Mr. Burton: Okay. Stacey, maybe this one’s for you, it is about insurance in New York. Please comment on insurance risks, difficulty getting natural catastrophe insurance on a national basis. Should New York be a lower risk—a lower cost insurance due to lower possibility I guess of natural disasters? So what’s the insurance market like for your projects?
Ms. Hughes: That’s a funny question because we recently redid our entire insurance coverage for our portfolio, and the state we have the most trouble with is New York. The first pass from you know, a big insurance company, basically said you’re good in 49 states, but we made all these carve-outs for New York. We found actually that we had to do a separate policy explicitly for two different groups: it was for solar in New York and solar for multi-family housing.
Oddly enough, when we had to go get a second policy for those, we found workers’ comp to be really difficult in New York. We’re finding that I think because of New York being litigation friendly—especially in New York City, but maybe throughout the state—where the insurers just feel like they get caught and it’s a more expensive place to do business.
We did have some issues in New Jersey where there’s a lot of flooding and you know, it doesn’t hurt the panels necessarily, but you know, electrical equipment could be damaged. And then in our latest package, any place where there might be a flood, they said, you know we’re not going to cover flood. So that’s the insurance market for you, so you’ve got to kind of fight and deal with that. But I would like to see particularly, New York City a little easier to insure.

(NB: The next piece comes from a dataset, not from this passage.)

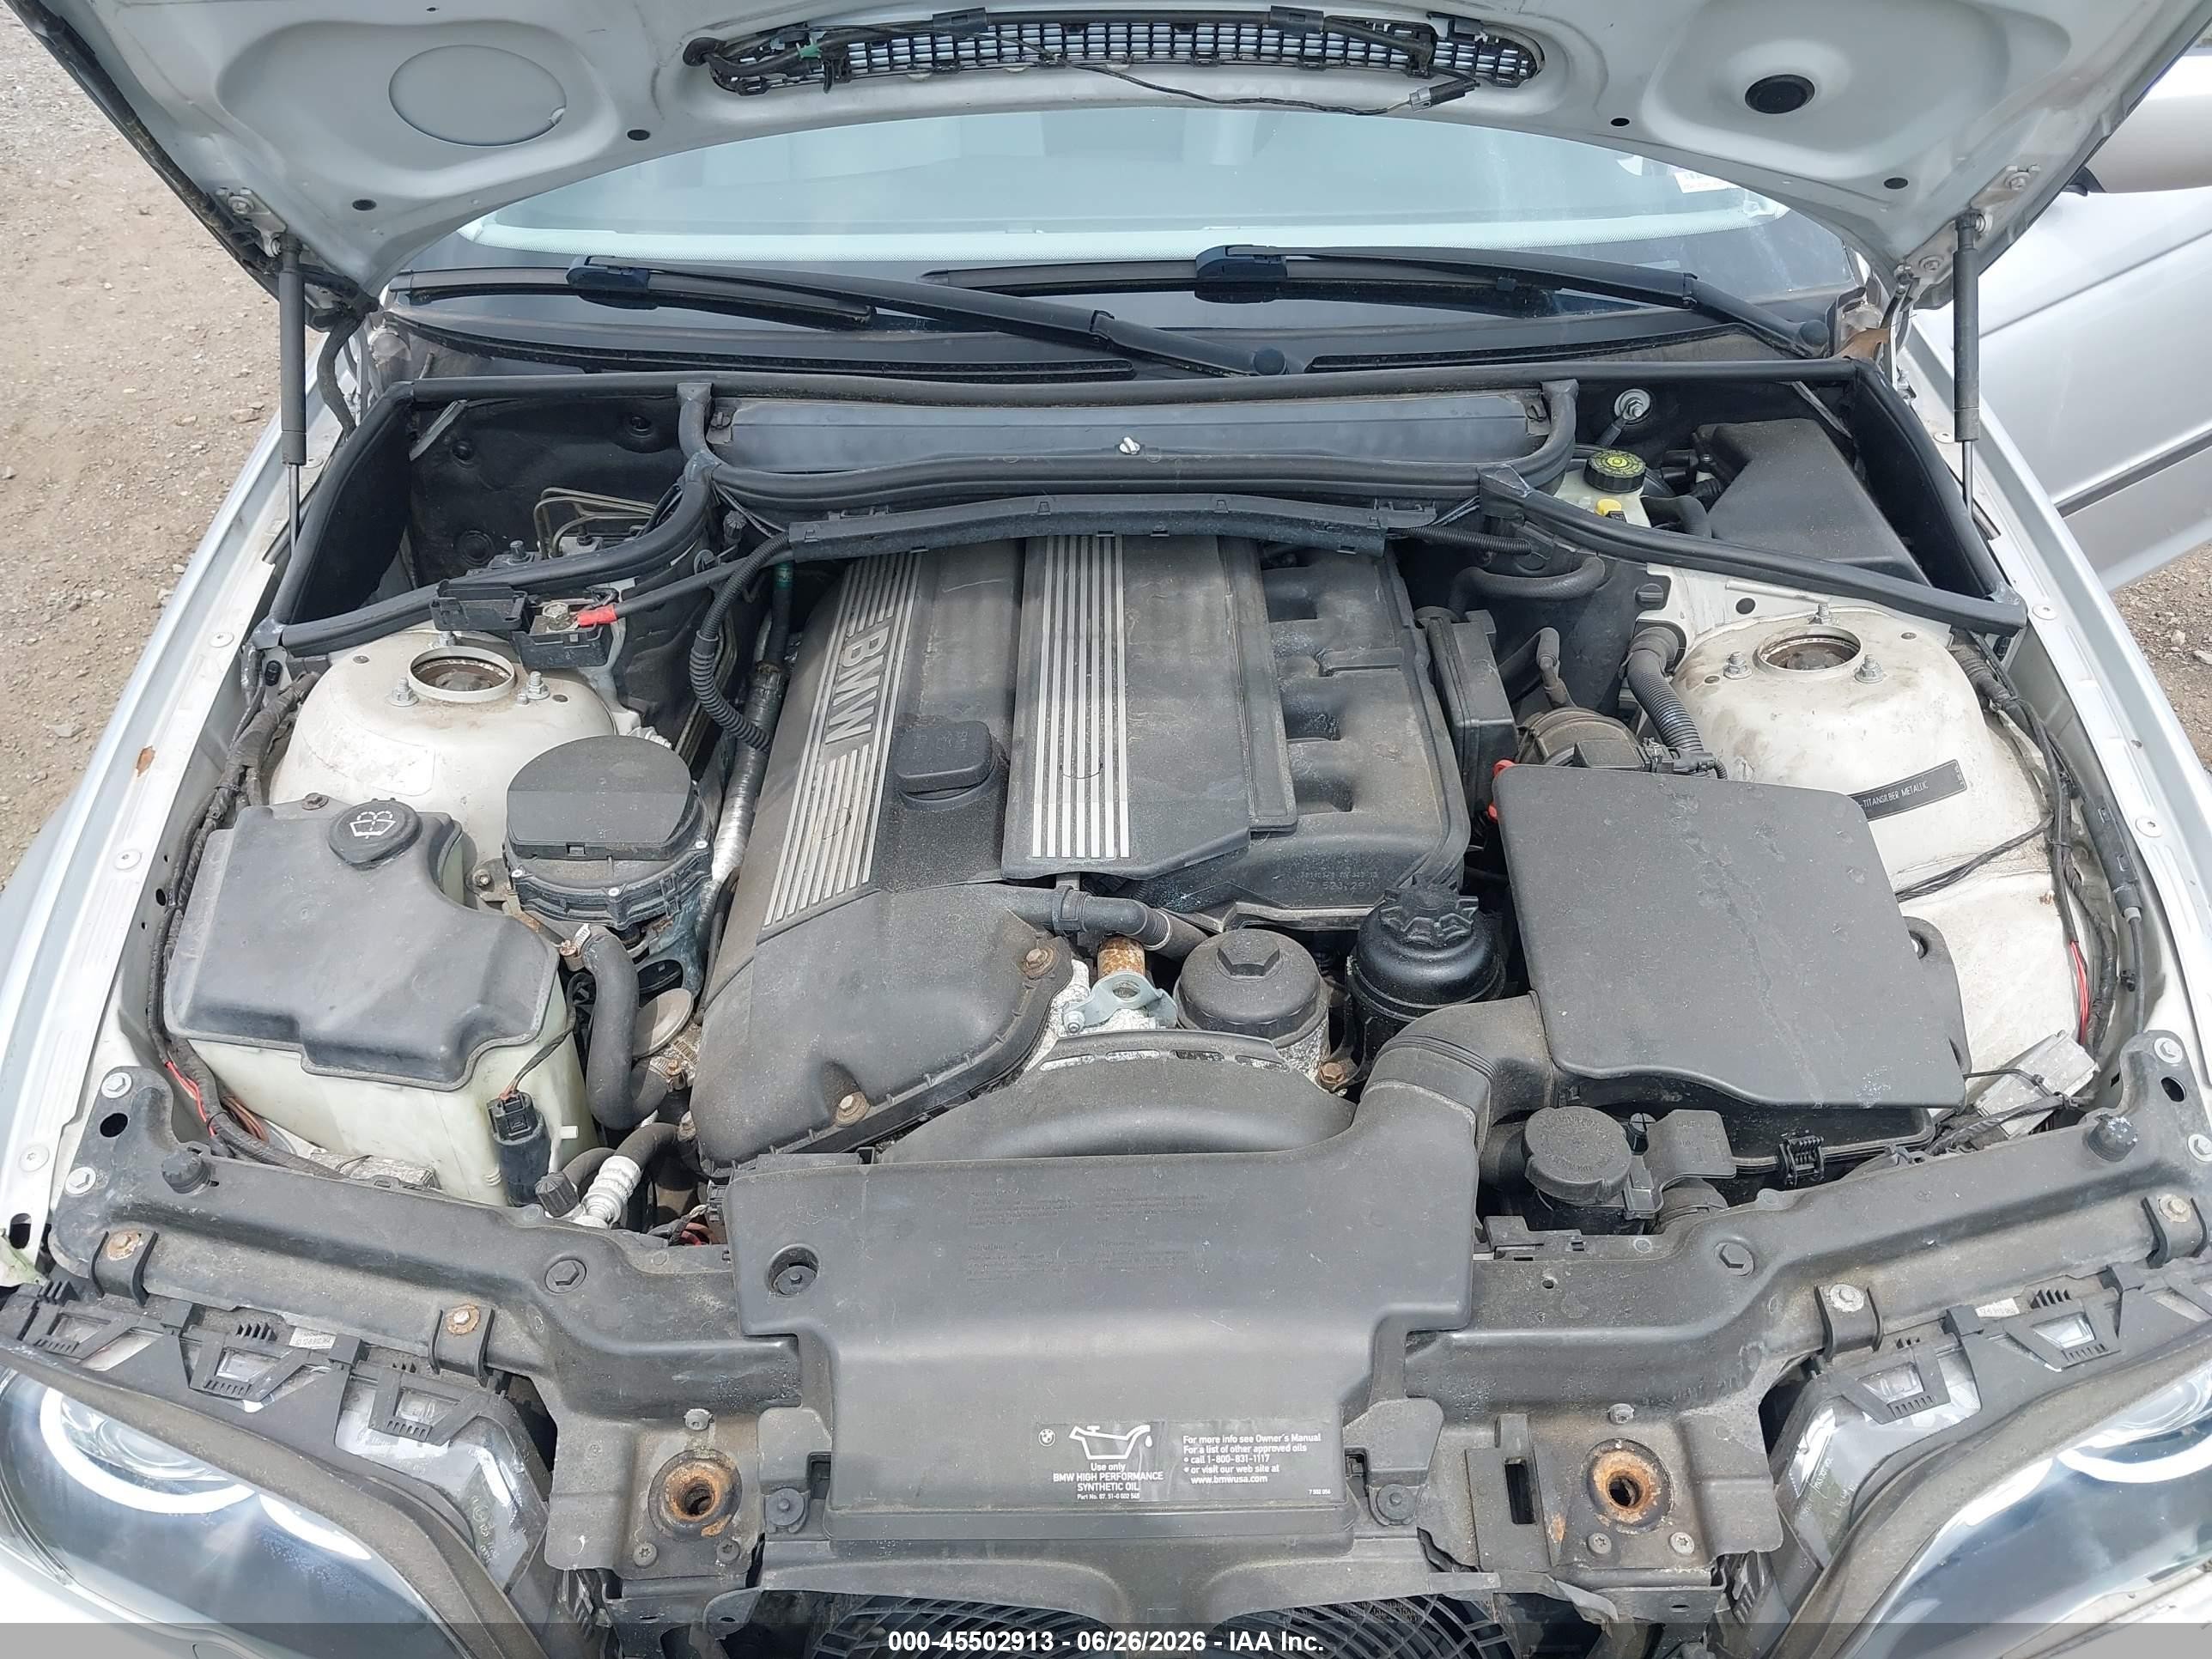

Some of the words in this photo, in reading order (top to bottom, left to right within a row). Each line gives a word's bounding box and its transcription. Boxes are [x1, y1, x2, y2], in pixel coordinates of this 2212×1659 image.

Mr. Burton: Okay. One last question. We didn’t talk much about stand-alone storage so let’s take this one. What is the outlook for financing stand-alone storage in New York? Anybody?
Mr. Garcia: I think stand-alone storage is here to stay. It’s growing throughout the country. There’s appetite. The expectations—I think it’s all about managing expectations. People want to do 25 year financings on batteries, but they’re not willing to put in their budgets the augmentation schedules that come with it.
At the end of the day, you could have a great battery with a brand new manufacturer. Well, we’ve seen new manufacturers with solar panels; historically, a brand new company comes in guaranteeing—gives a warranty for 30 years. Then the company goes out of business three years down the line. Lenders are not just trying to make your lives difficult. They are seeing what it takes to maintain these batteries in good operating condition. It’s super important to keep the augmentation schedules appropriate. Otherwise, a sponsor is looking at a seven year lending facility, which would have an underwriting assumption of maybe 2% degradation each year. But there is a lot of appetite from banks for batteries and stand-alone batteries. There’s plenty of incentives in New York to do that.
Mr. Burton: Okay. Great. We’re going to call that a day for the first panel. Thank you panelists, thank you audience.
[1] The proceeds of a tax credit sale are supposed to be tax-free to the seller. When the seller is a partnership that requires an allocation of tax-exempt income to the partners, so that the distribution of the tax credit sale proceeds does not exceed the partners’ outside basis and result in taxable income (or reduce the partners’ outside basis, so that a distribution of operating cash that would have been absorbed by outside basis is instead a taxable distribution in excess of outside basis). The allocation of the tax-exempt income to the partners must follow how the partners would have otherwise shared the tax credits, which is generally how the depreciation is shared, rather than how the cash is distributed.